## [Exercise objective]
Because the copy must hold no pictures, return the data below with all of its words intact.

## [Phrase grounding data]
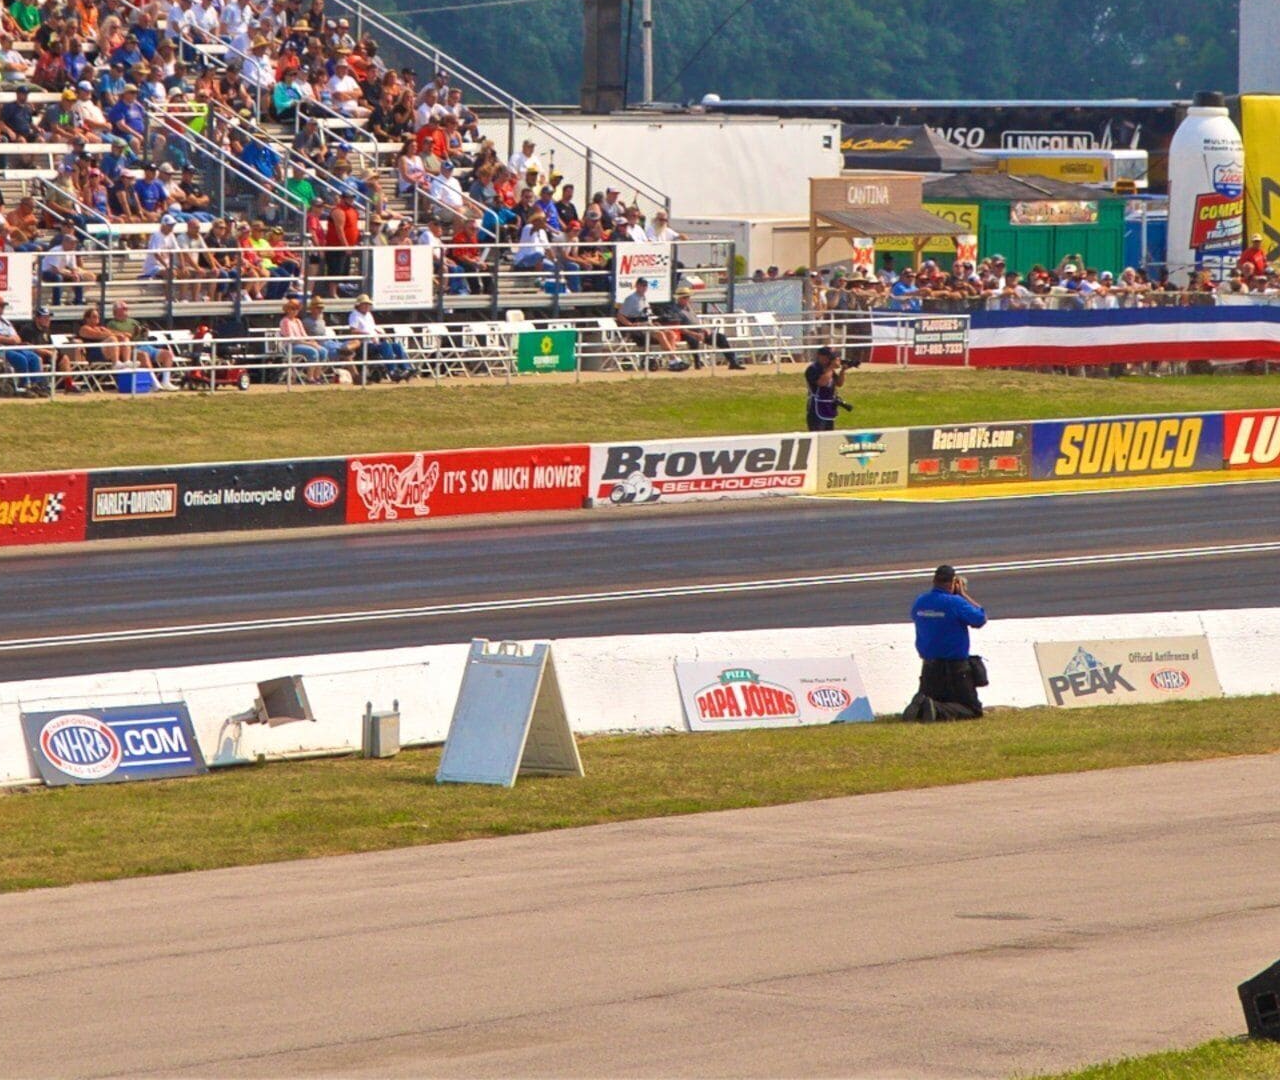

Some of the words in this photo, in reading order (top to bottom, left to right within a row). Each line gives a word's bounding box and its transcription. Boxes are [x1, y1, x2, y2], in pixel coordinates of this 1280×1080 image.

[1006, 135, 1088, 150] LINCOLN
[847, 184, 890, 205] CANTINA
[932, 427, 1015, 453] RacingRVs.com
[1055, 418, 1203, 476] SUNOCO
[602, 438, 812, 481] Browell
[443, 470, 467, 494] IT'S
[470, 468, 489, 493] SO
[492, 467, 530, 492] MUCH
[532, 465, 583, 490] MOWER
[662, 475, 803, 494] BELLHOUSING
[96, 490, 173, 516] HARLEY-DAVIDSON
[184, 488, 222, 507] Official
[224, 486, 282, 507] Motorcycle
[283, 486, 296, 502] of
[307, 482, 338, 504] NHRA
[1129, 651, 1153, 663] Official
[1155, 651, 1190, 662] Antifreeze
[1192, 649, 1199, 661] of
[724, 670, 752, 680] PIZZA
[1048, 663, 1136, 706] PEAK
[698, 686, 742, 719] PAPA
[812, 689, 846, 709] NHRA
[54, 727, 110, 764] NHRA
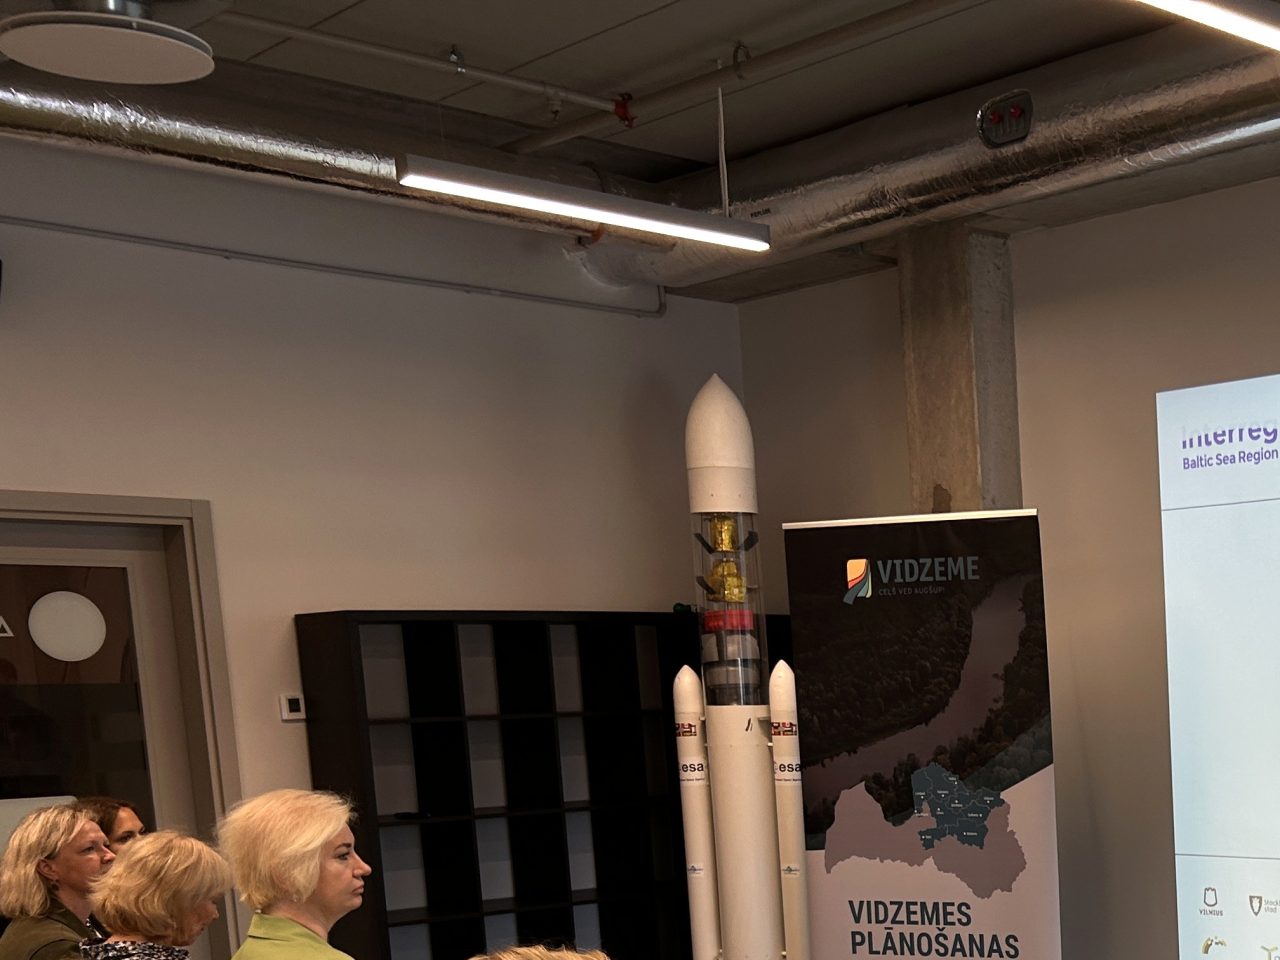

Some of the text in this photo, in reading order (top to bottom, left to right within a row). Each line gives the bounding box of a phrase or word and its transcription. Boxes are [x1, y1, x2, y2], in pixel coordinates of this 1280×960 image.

[1183, 447, 1279, 470] Baltic Sea Region
[876, 556, 980, 584] VIDZEME
[681, 762, 704, 773] esa
[778, 762, 801, 773] esa
[848, 900, 972, 927] VIDZEMES
[1198, 908, 1224, 917] VILNIUS
[851, 926, 1020, 959] PLĀNOŠANAS
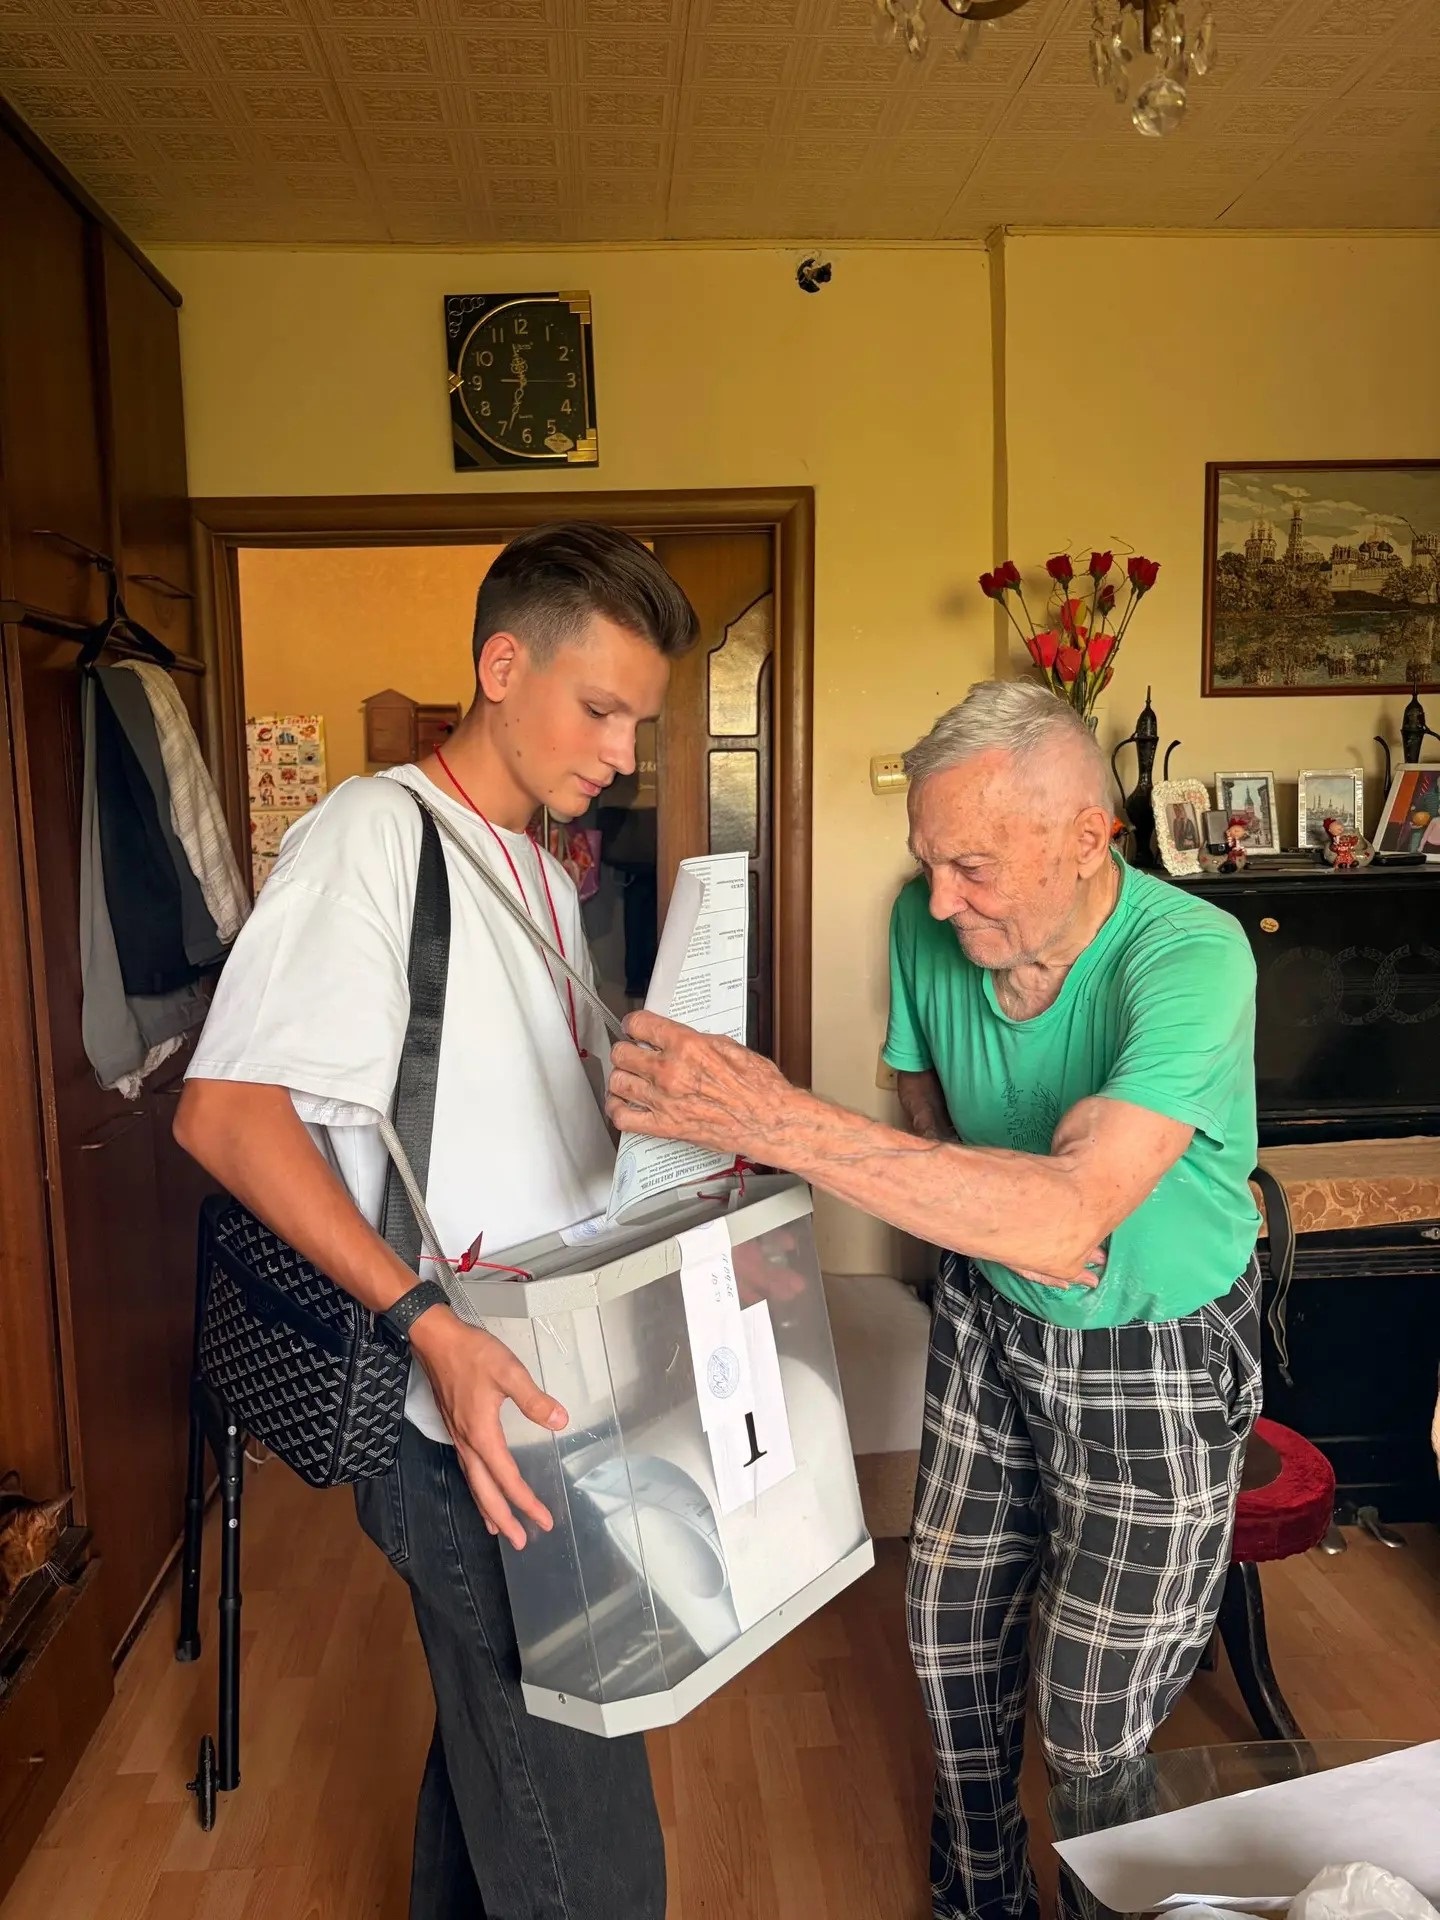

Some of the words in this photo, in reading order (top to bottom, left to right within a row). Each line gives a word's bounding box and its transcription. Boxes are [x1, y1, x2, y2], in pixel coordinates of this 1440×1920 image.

[514, 318, 529, 335] 12
[492, 327, 504, 343] 11
[476, 351, 494, 367] 10
[559, 346, 569, 361] 2
[472, 375, 482, 391] 9
[566, 372, 577, 388] 3
[480, 401, 491, 416] 8
[560, 399, 572, 415] 4
[497, 420, 508, 436] 7
[546, 419, 556, 435] 5
[521, 428, 532, 444] 6
[743, 1411, 768, 1468] 1
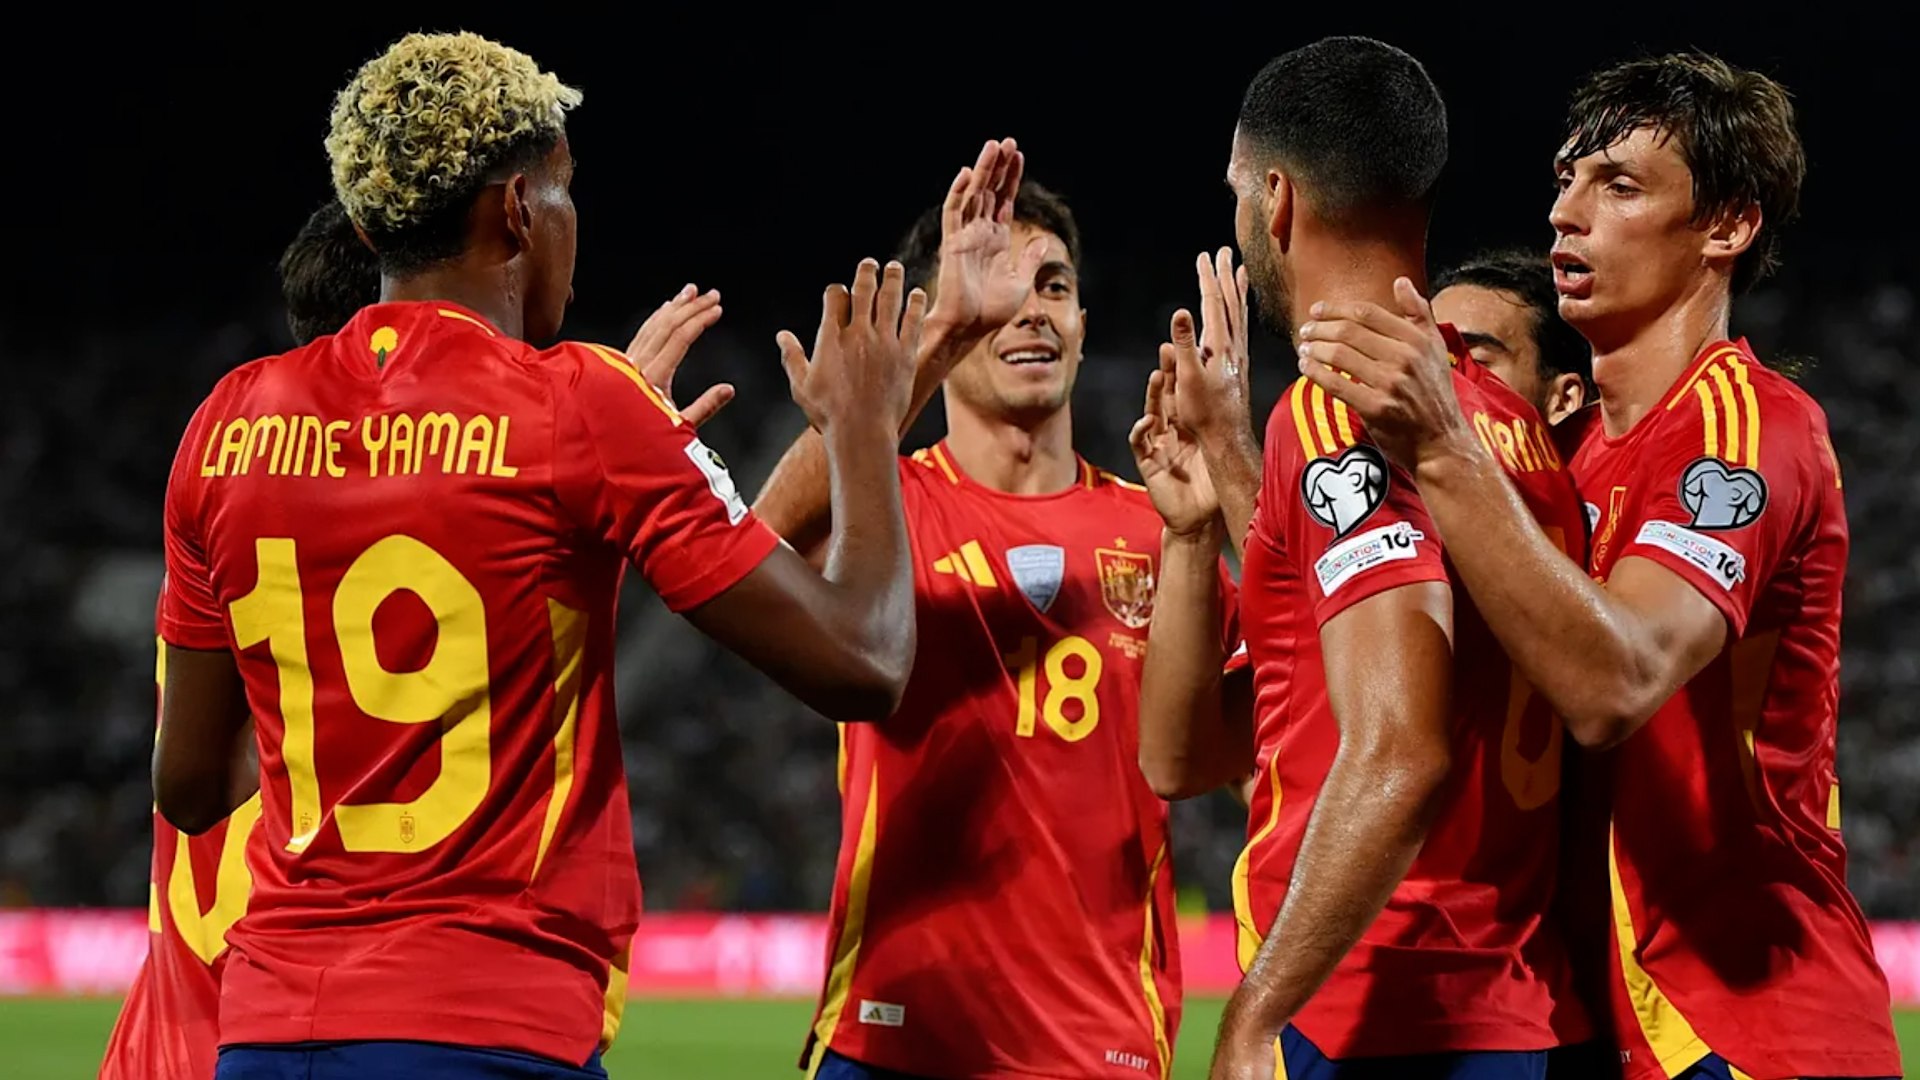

## [Task solution]
Some of the words in this photo, in reading order (top to bottom, left to right within a row). Each line gives a word's bounding box and its transcription. Boxes are [x1, y1, x2, y2], in pixel coordinates of this 1280×1080 image.

[1006, 135, 1088, 150] LINCOLN
[847, 184, 890, 205] CANTINA
[932, 427, 1015, 453] RacingRVs.com
[1055, 418, 1203, 476] SUNOCO
[602, 438, 812, 481] Browell
[443, 470, 467, 494] IT'S
[470, 468, 489, 493] SO
[492, 467, 530, 492] MUCH
[532, 465, 583, 490] MOWER
[662, 475, 803, 494] BELLHOUSING
[96, 490, 173, 516] HARLEY-DAVIDSON
[184, 488, 222, 507] Official
[224, 486, 282, 507] Motorcycle
[283, 486, 296, 502] of
[307, 482, 338, 504] NHRA
[1129, 651, 1153, 663] Official
[1155, 651, 1190, 662] Antifreeze
[1192, 649, 1199, 661] of
[724, 670, 752, 680] PIZZA
[1048, 663, 1136, 706] PEAK
[698, 686, 742, 719] PAPA
[812, 689, 846, 709] NHRA
[54, 727, 110, 764] NHRA

Some of the text in this photo, in reading order (top to bottom, left to right within a row). Each line gives the bounding box of a phrase or word and its transcription. Boxes are [x1, y1, x2, y2], in pixel coordinates of this 1280×960 image.

[1183, 447, 1279, 470] Baltic Sea Region
[876, 556, 980, 584] VIDZEME
[681, 762, 704, 773] esa
[778, 762, 801, 773] esa
[848, 900, 972, 927] VIDZEMES
[1198, 908, 1224, 917] VILNIUS
[851, 926, 1020, 959] PLĀNOŠANAS

Some of the words in this photo, in reading order (top to bottom, left to right within a row). Each line gives a word's bounding box and its transcription. Boxes are [x1, y1, x2, y2], in pixel coordinates of this 1440×1920 image.

[514, 318, 529, 335] 12
[492, 327, 504, 343] 11
[476, 351, 494, 367] 10
[559, 346, 569, 361] 2
[472, 375, 482, 391] 9
[566, 372, 577, 388] 3
[480, 401, 491, 416] 8
[560, 399, 572, 415] 4
[497, 420, 508, 436] 7
[546, 419, 556, 435] 5
[521, 428, 532, 444] 6
[743, 1411, 768, 1468] 1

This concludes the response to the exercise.